Complete step-by-step answer:
From the question, the given vector is $\widehat i - 2\widehat j + 2\widehat k$ that has magnitude $9$ units
Let us consider $\overrightarrow a = \widehat i - 2\widehat j + 2\widehat k$
Here $x = 1,{\text{ }}y = - 2,{\text{ }}z = 2$
Unit vector in the direction of a vector $\overrightarrow a $
$ \Rightarrow \widehat a = \dfrac{{\overrightarrow a }}{{\left| {\overrightarrow a } \right|}}$
Substitute the vector in above equation we get,
\[ \Rightarrow \widehat a = \dfrac{{\widehat i - 2\widehat j + 2\widehat k}}{{\sqrt {{{(1)}^2} + {{( - 2)}^2} + {{(2)}^2}} }}\]
Simplifying the term by taking square we get,
\[ \Rightarrow \widehat a = \dfrac{{\widehat i - 2\widehat j + 2\widehat k}}{{\sqrt {(1) + (4) + (4)} }}\]
Adding the values in the root we get,
\[ \Rightarrow \widehat a = \dfrac{{\widehat i - 2\widehat j + 2\widehat k}}{{\sqrt 9 }}\]
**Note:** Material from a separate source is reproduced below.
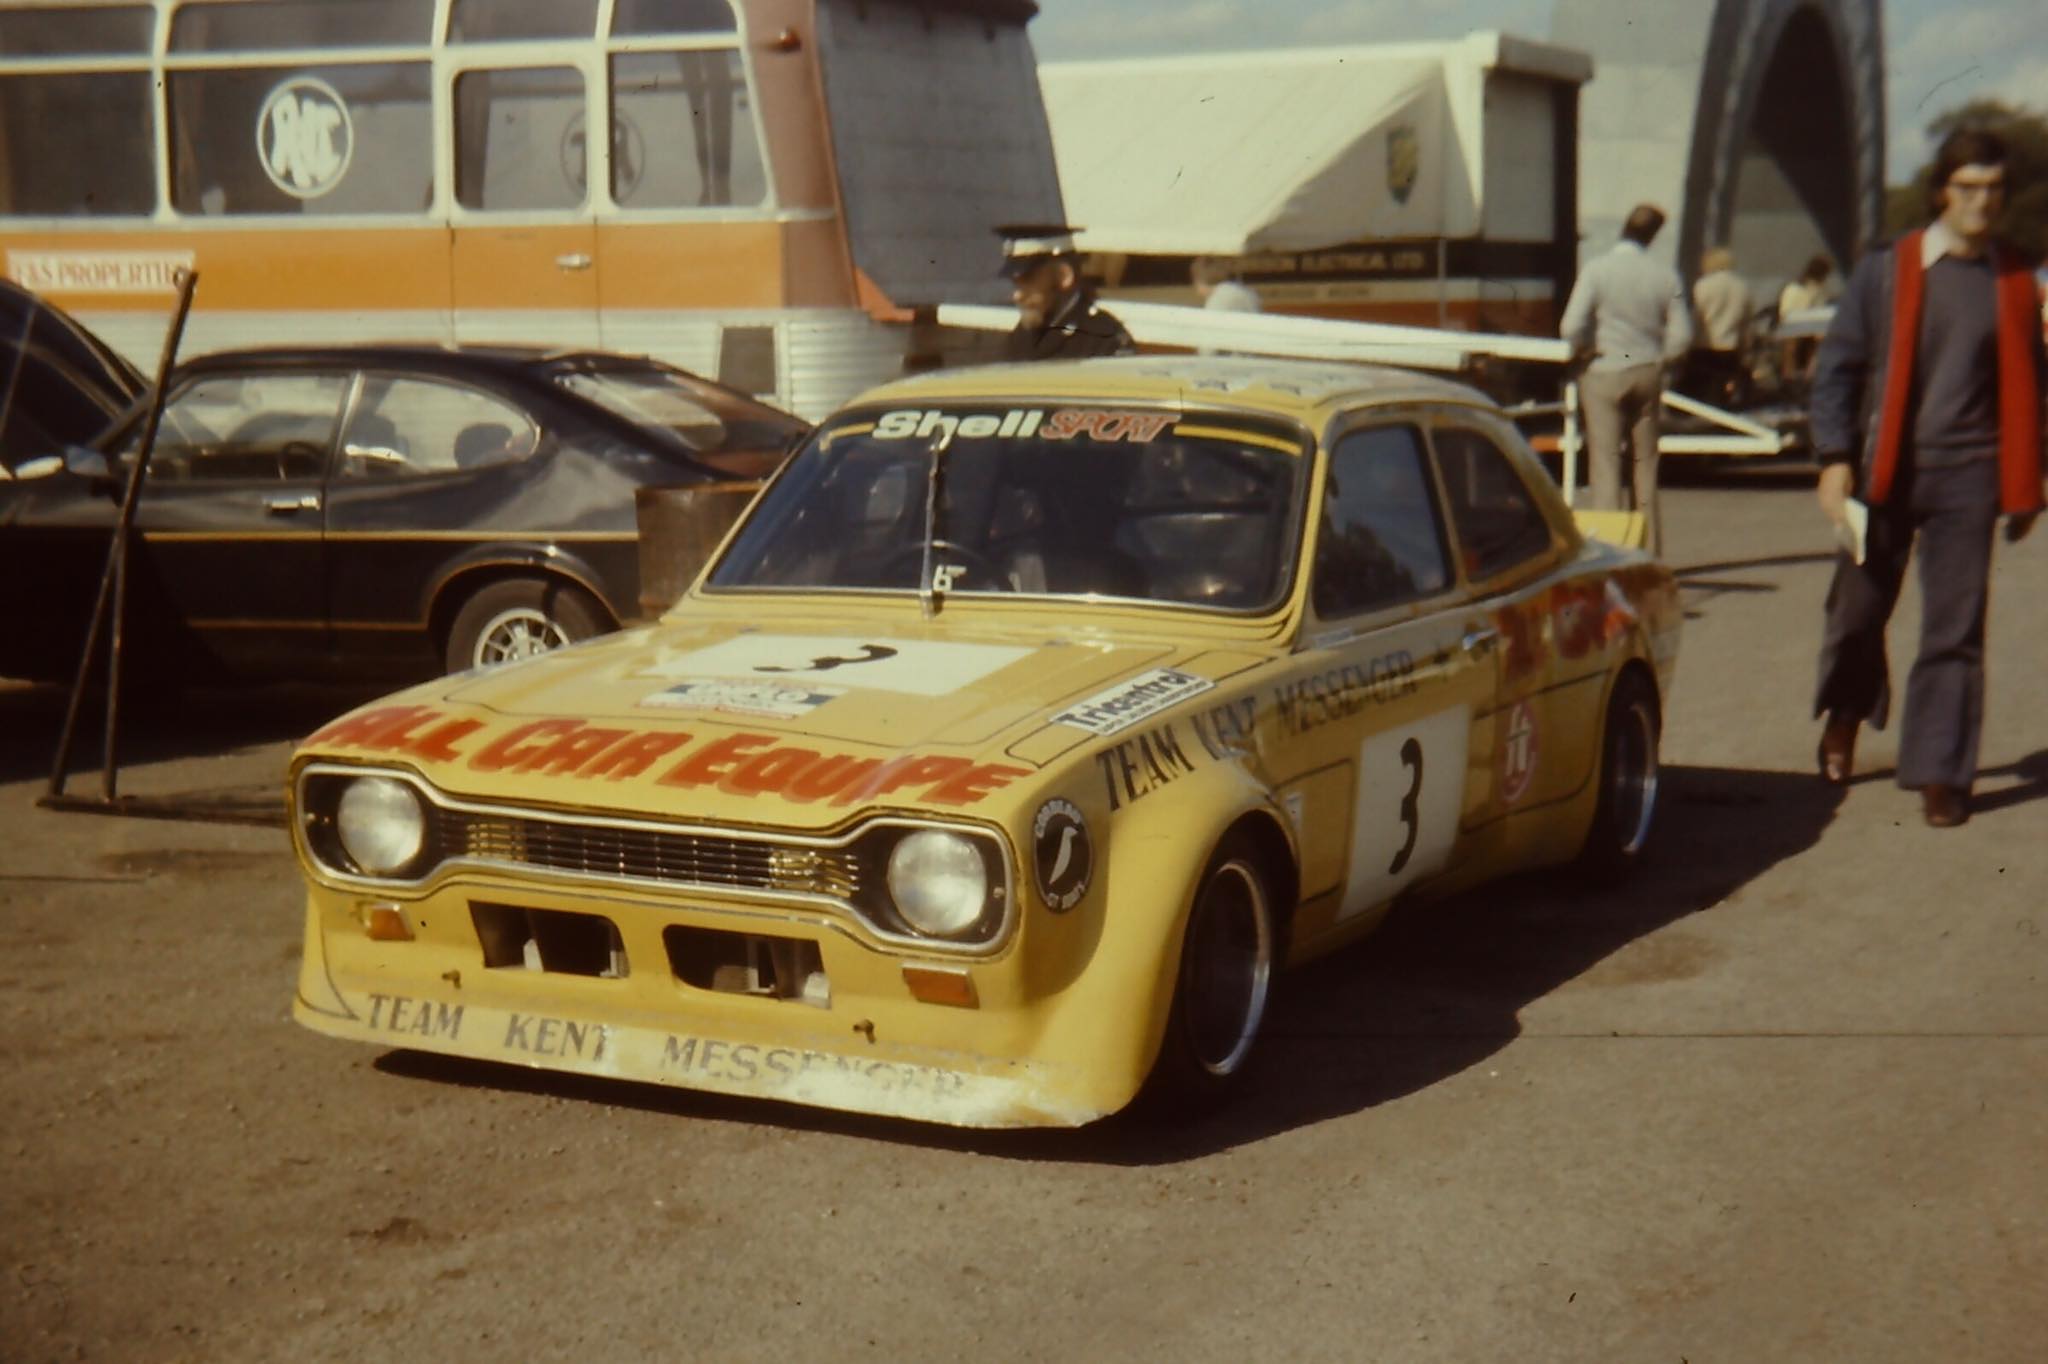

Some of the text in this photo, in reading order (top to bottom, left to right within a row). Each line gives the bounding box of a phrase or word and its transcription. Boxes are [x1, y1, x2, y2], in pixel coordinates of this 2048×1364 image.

Taking square root to solve the above equation we get,
\[ \Rightarrow \widehat a = \dfrac{{\widehat i - 2\widehat j + 2\widehat k}}{3}\]
Hence, a vector in the direction of the $\overrightarrow a $ with magnitude $9$ units
\[ \Rightarrow 9\left( {\dfrac{{\widehat i - 2\widehat j + 2\widehat k}}{3}} \right)\]
\[ \Rightarrow 3\left( {\widehat i - 2\widehat j + 2\widehat k} \right)\]
Or
\[ \Rightarrow 3\widehat i - 6\widehat j + 6\widehat k\]
Hence, we get the required result.
$\therefore $A vector in the direction of the $\widehat i - 2\widehat j + 2\widehat k$ that has magnitude $9$ units is \[3\left( {\widehat i - 2\widehat j + 2\widehat k} \right)\] or \[3\widehat i - 6\widehat j + 6\widehat k\]

Note: We can solve this problem by using another method.
That is,
Let the given vector as $\overrightarrow a = \widehat i - 2\widehat j + 2\widehat k$
Here $x = 1,{\text{ }}y = - 2,{\text{ }}z = 2$
$ \Rightarrow \widehat a = \dfrac{{\overrightarrow a }}{{\left| {\overrightarrow a } \right|}}$ where, $\overrightarrow a = x\widehat i + y\widehat j + z\widehat k$ and $\left| {\overrightarrow a } \right| = \sqrt {{x^2} + {y^2} + {z^2}} $
The vector in the direction of $\overrightarrow a $ with magnitude of $9$ is $9 \times \widehat a$
Hence the required vector,
\[ \Rightarrow 9 \times \dfrac{{\widehat i - 2\widehat j + 2\widehat k}}{{\sqrt {{{(1)}^2} + {{( - 2)}^2} + {{(2)}^2}} }}\]
Simplifying the term by taking square we get,
\[ \Rightarrow 9 \times \dfrac{{\widehat i - 2\widehat j + 2\widehat k}}{{\sqrt {(1) + (4) + (4)} }}\]
Adding the values in the root we get,
\[ \Rightarrow 9 \times \dfrac{{\widehat i - 2\widehat j + 2\widehat k}}{{\sqrt 9 }}\]
Taking square root to solve the above equation we get,
\[ \Rightarrow 9 \times \dfrac{{\widehat i - 2\widehat j + 2\widehat k}}{3}\]
Simplifying we get,
\[ \Rightarrow 3\left( {\widehat i - 2\widehat j + 2\widehat k} \right)\]
Or
\[ \Rightarrow 3\widehat i - 6\widehat j + 6\widehat k\]
$\therefore $A vector in the direction of the $\widehat i - 2\widehat j + 2\widehat k$ that has magnitude $9$ units is \[3\left( {\widehat i - 2\widehat j + 2\widehat k} \right)\] or \[3\widehat i - 6\widehat j + 6\widehat k\].